Everyday Emergencies

Tracking Emergency Interventions in the United States, 1998–2008

 

The world is in crisis. Today, society faces a growing and intensifying array of potential dangers and disruptions, including ecological and climate change disasters, infrastructural and technological failures, fiscal and financial crises, and geopolitical conflict (inter alia). As a result, emergency-based techniques of governance also appear to be on the rise. In times of real or perceived crisis, public and quasi-public agencies may invoke what are often referred to as “emergency powers,” in order to allow for a more expeditious, bold, and nimble governmental response. Indeed, a “state of emergency” is an exceptional period in which democratic rule and constitutional order are suspended on the grounds that necessitas non habet legem (“necessity knows no law”). Thus, while emergency intervention is arguably a vital tool for addressing current and future crises, it is also fundamentally undemocratic and, hence, exceedingly dangerous.

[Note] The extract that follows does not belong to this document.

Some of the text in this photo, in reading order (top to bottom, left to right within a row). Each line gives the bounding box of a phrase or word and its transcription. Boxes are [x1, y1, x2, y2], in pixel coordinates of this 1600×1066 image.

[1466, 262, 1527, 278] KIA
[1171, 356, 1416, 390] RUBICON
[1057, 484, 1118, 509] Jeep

While emergency-based governance in the United States has largely flown under the radar of public and scholarly discourse, two recent events have drawn considerable attention to the issue. First, the COVID-19 pandemic has compelled an untold number of U.S. governmental officials to declare a state of emergency in their respective jurisdictions: from multiple presidents to numerous governors, to an unknown number of local public and quasi-public officials. Notably, while many crises are acute events necessitating only brief emergency intervention, the indefinite nature of the pandemic has led officials (especially at state, county, and local levels) to declare public health emergencies for lengthy or indeterminate periods of time.  

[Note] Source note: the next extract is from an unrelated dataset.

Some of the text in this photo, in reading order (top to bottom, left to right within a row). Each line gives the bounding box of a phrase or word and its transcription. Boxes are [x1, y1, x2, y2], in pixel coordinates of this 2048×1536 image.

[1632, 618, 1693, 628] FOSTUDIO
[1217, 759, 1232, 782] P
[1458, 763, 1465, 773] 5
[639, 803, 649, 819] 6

A second factor that has increased the salience of the issue was the immoderate deployment of emergency measures by the presidential administration of Donald Trump. From immigration at the southern border, to the opioid crisis, to the COVID-19 pandemic, Trump utilized the national emergency designation in an often bellicose and politically brazen manner. But it would be a mistake to believe that the aggressive deployment of emergency-based techniques was unique to the Trump administration or that future administrations (of either party) will be more circumspect in how they utilize this powerful tool. To the contrary, the new Biden administration seems similarly poised to use emergency measures in an expansive manner, in order to address concerns such as climate change and gun violence. 

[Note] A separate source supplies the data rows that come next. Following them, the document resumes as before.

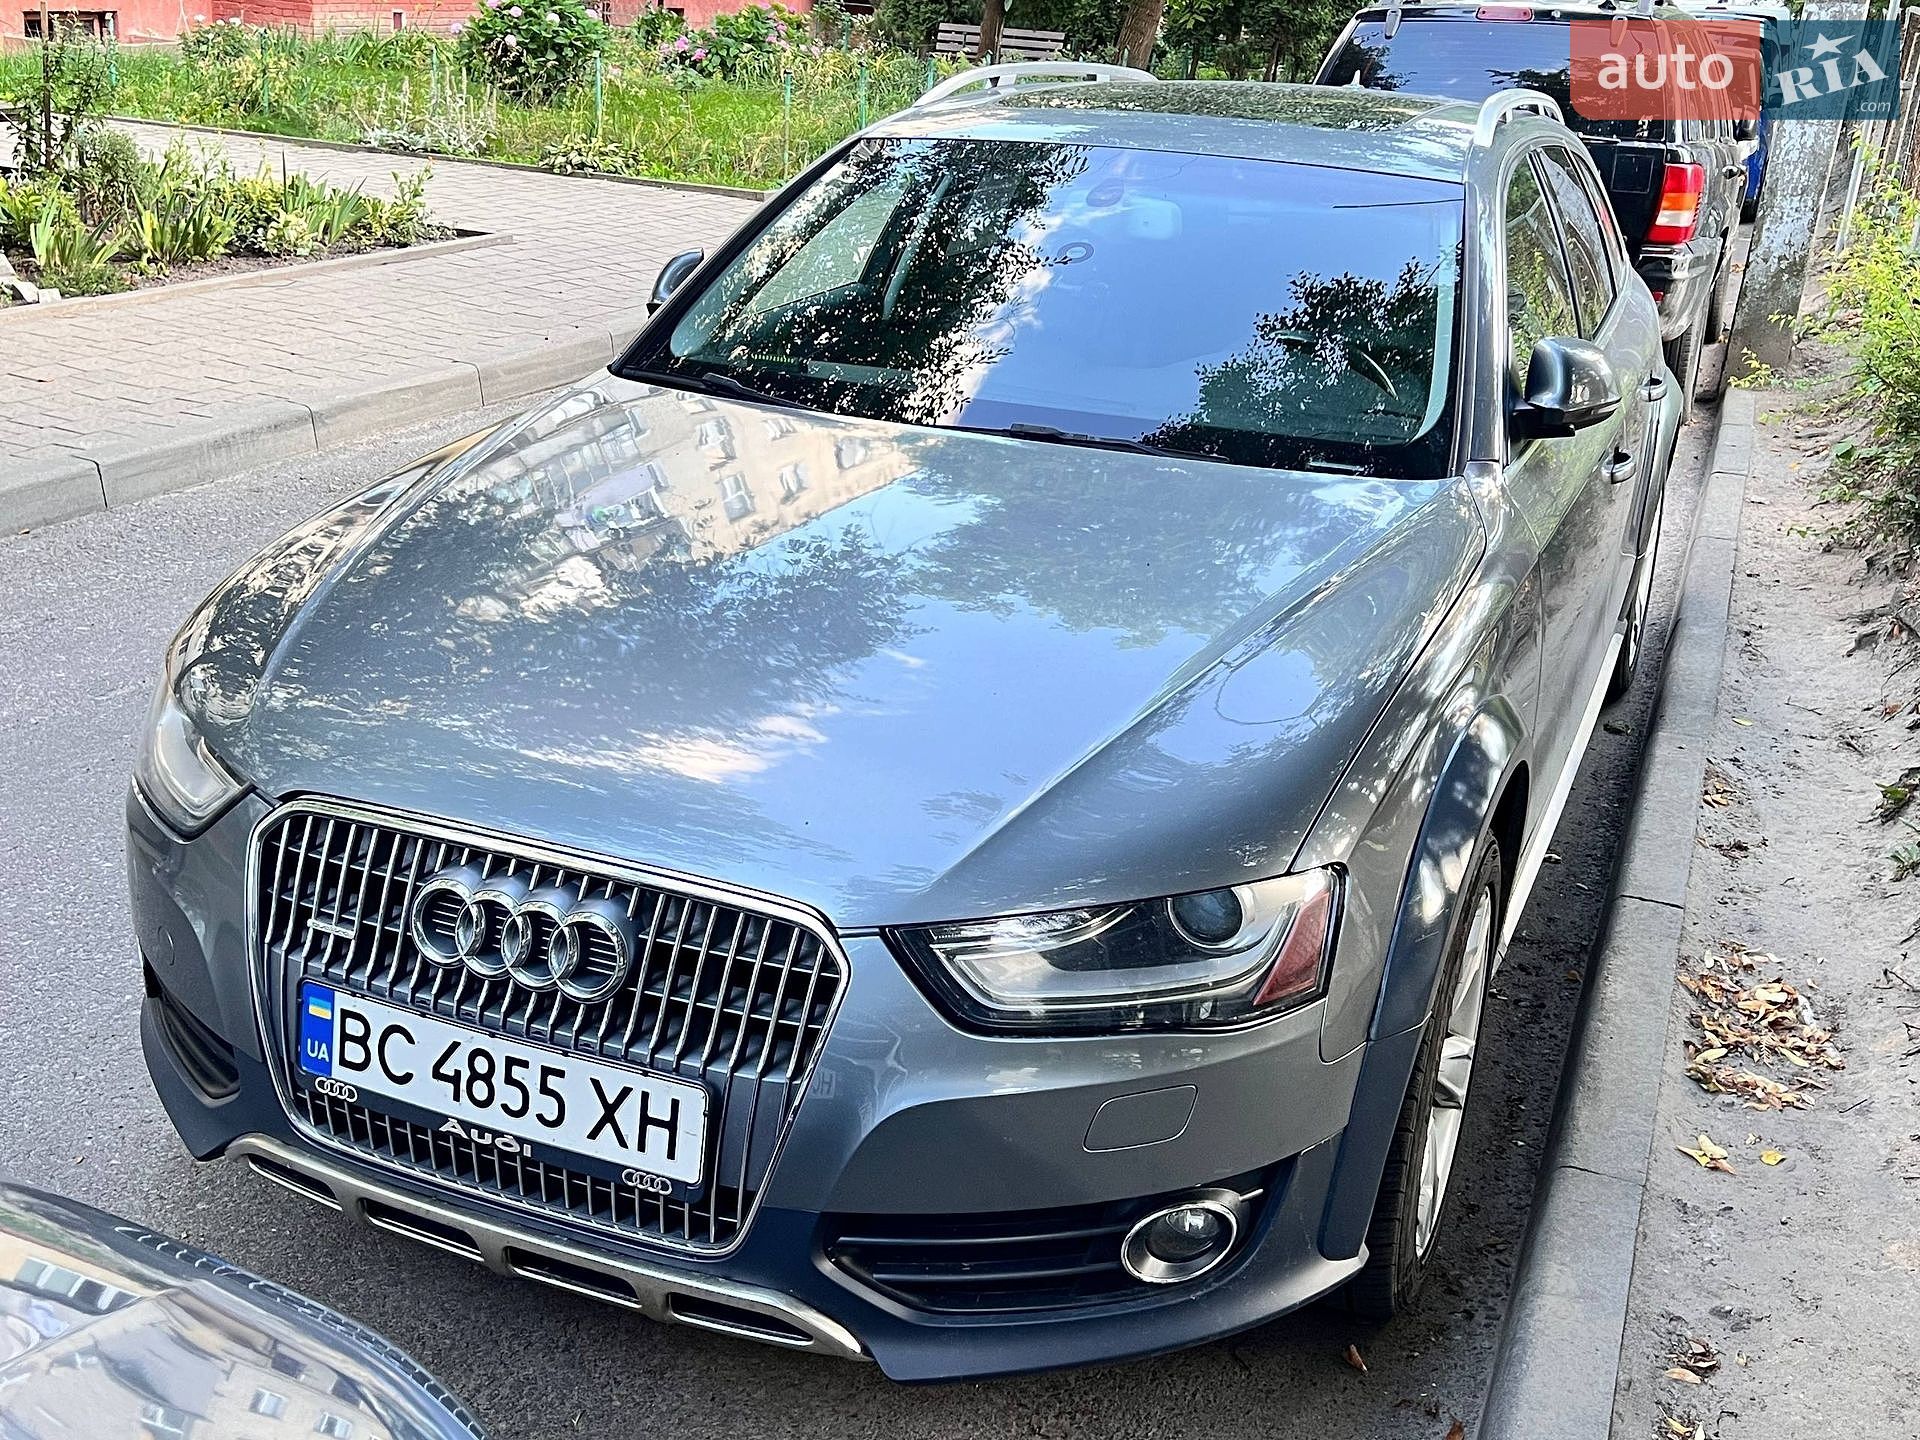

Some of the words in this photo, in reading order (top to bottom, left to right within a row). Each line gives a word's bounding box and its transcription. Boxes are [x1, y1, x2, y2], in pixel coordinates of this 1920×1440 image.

[307, 1038, 329, 1062] UA
[339, 1008, 415, 1085] BC
[432, 1041, 566, 1129] 4855
[586, 1077, 680, 1161] XH
[439, 1117, 532, 1157] Audi

And yet, despite the constitutional gravity of emergency measures, and despite the fact that such measures seem to be emerging as the de rigueur response to local, regional, and national problems of all sorts, the practice has largely evaded serious and sustained investigation. A vast array of governmental officials are currently empowered to invoke a wide variety of extra-democratic emergency powers, yet there is no centralized oversight of the practice or even simple repository in which all emergency declarations are recorded. “Everyday Emergencies” begins to fill this critical gap in our knowledge by developing a dataset of all states of emergency declared in the United States, at all scales of governance, over the past two decades. Once this information is collected, we can begin asking basic yet crucial questions, such as: How often are emergency measures invoked? By whom? For what purpose? And to what effects?